* TASK DETAILS
When you write out the listing below, keep each word exactly as it stands and drop the pictures.

* TASK INPUTS

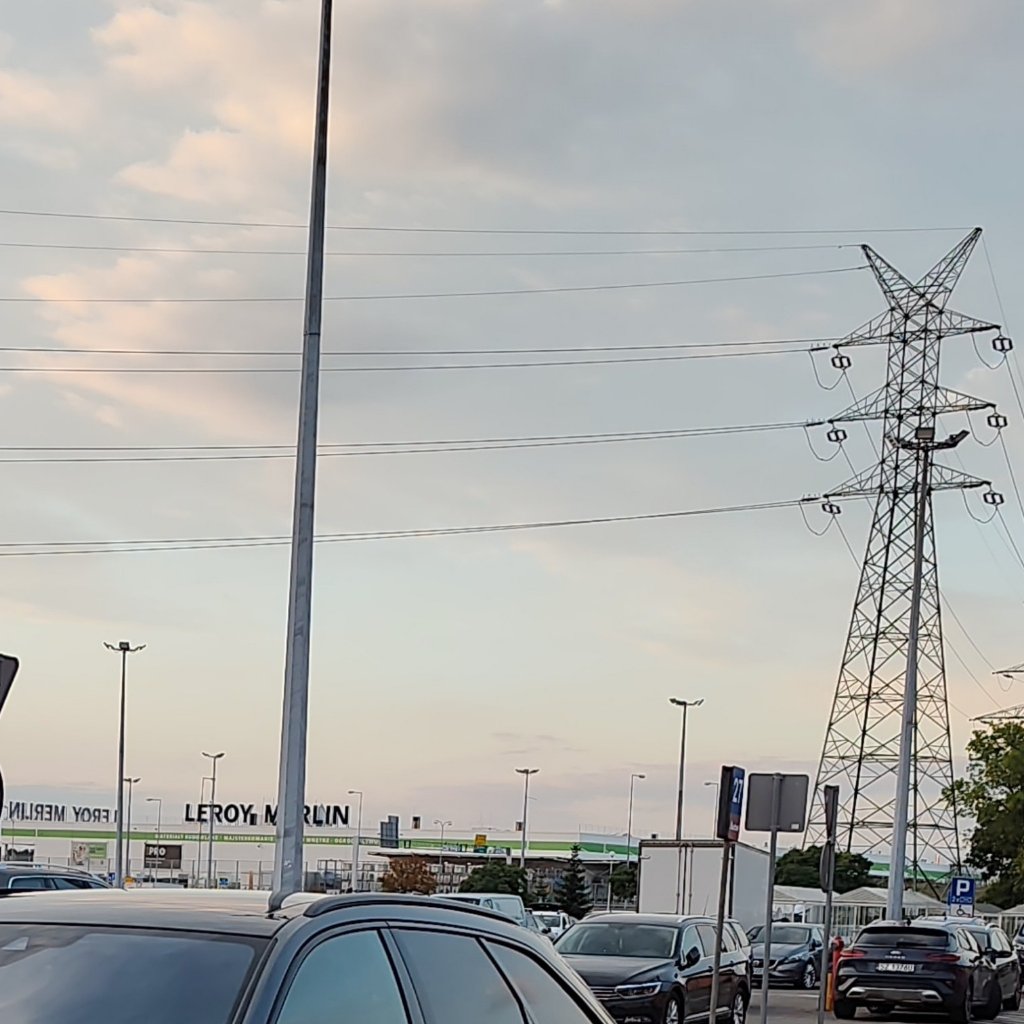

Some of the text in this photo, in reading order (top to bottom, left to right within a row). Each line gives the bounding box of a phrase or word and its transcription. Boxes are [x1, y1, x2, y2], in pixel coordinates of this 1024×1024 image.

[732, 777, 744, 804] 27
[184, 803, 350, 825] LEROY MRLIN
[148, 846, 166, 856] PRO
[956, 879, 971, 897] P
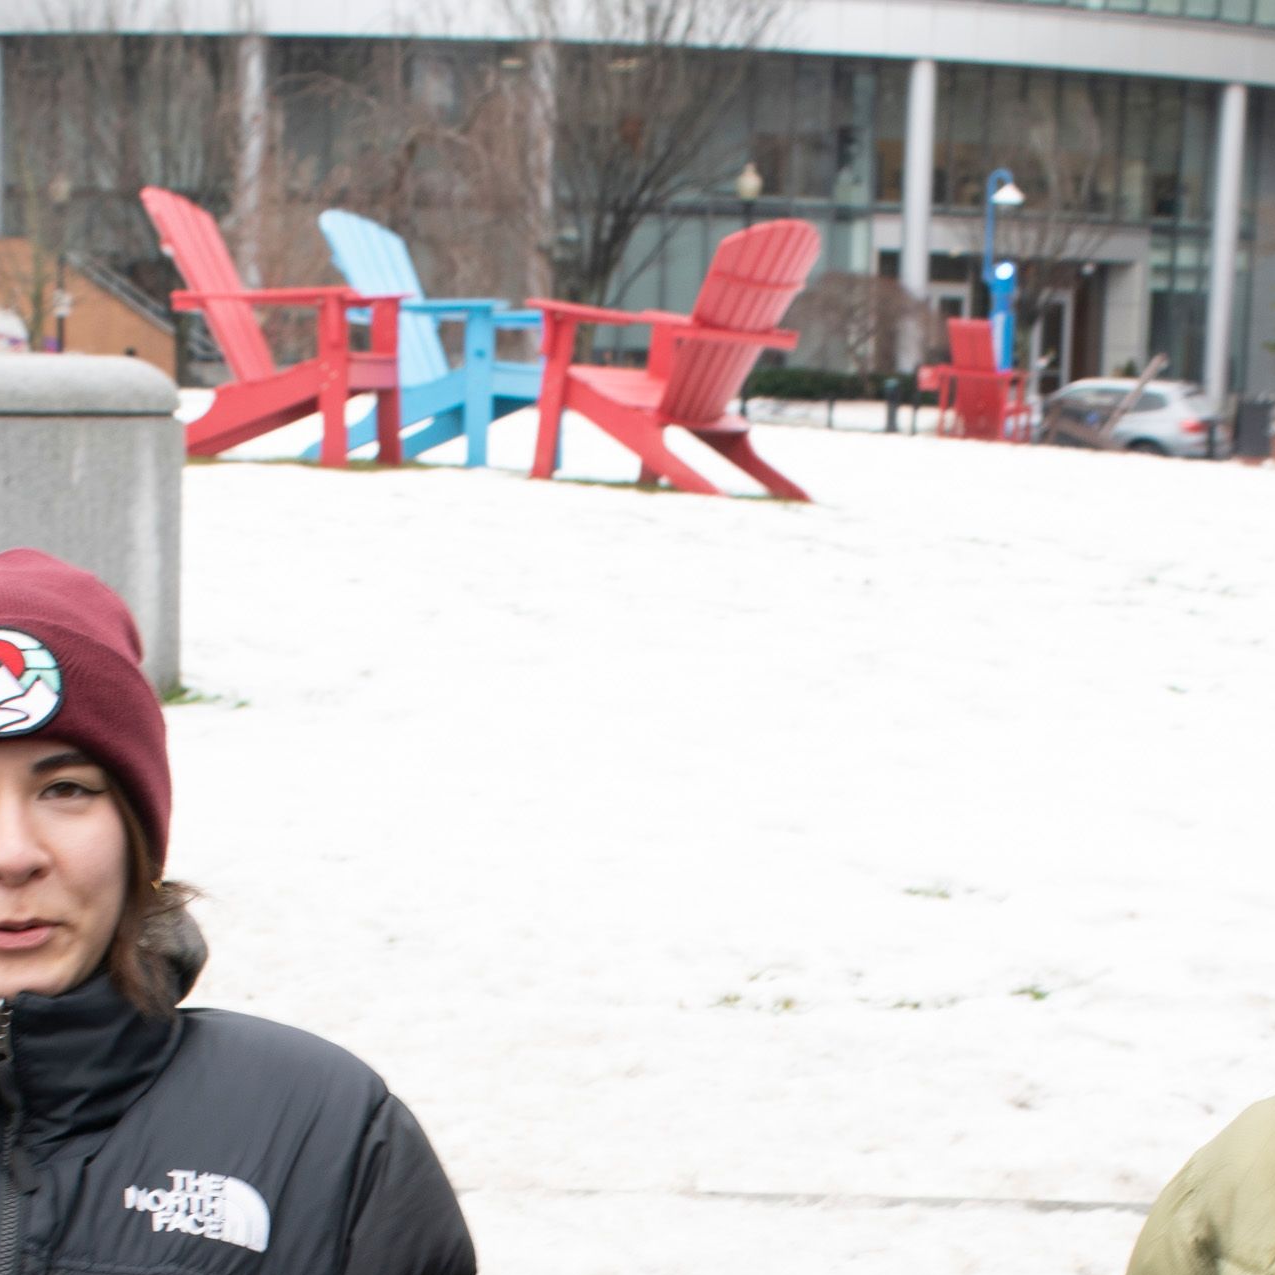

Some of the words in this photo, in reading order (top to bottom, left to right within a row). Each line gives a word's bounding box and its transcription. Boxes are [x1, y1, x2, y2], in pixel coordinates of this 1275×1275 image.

* SOLUTION TO THE PROBLEM
Some of the text in this photo, in reading order (top to bottom, left to right within a row). Each line gives the bounding box of a phrase or word and its transcription. Boxes are [x1, y1, x2, y2], in pixel coordinates of this 1024×1024 image.

[732, 777, 744, 804] 27
[184, 803, 350, 825] LEROY MRLIN
[148, 846, 166, 856] PRO
[956, 879, 971, 897] P

Some of the words in this photo, in reading order (top to bottom, left to right within a row). Each line gives a word's bounding box and its transcription. Boxes are [x1, y1, x2, y2], in pixel coordinates of this 1275×1275 image.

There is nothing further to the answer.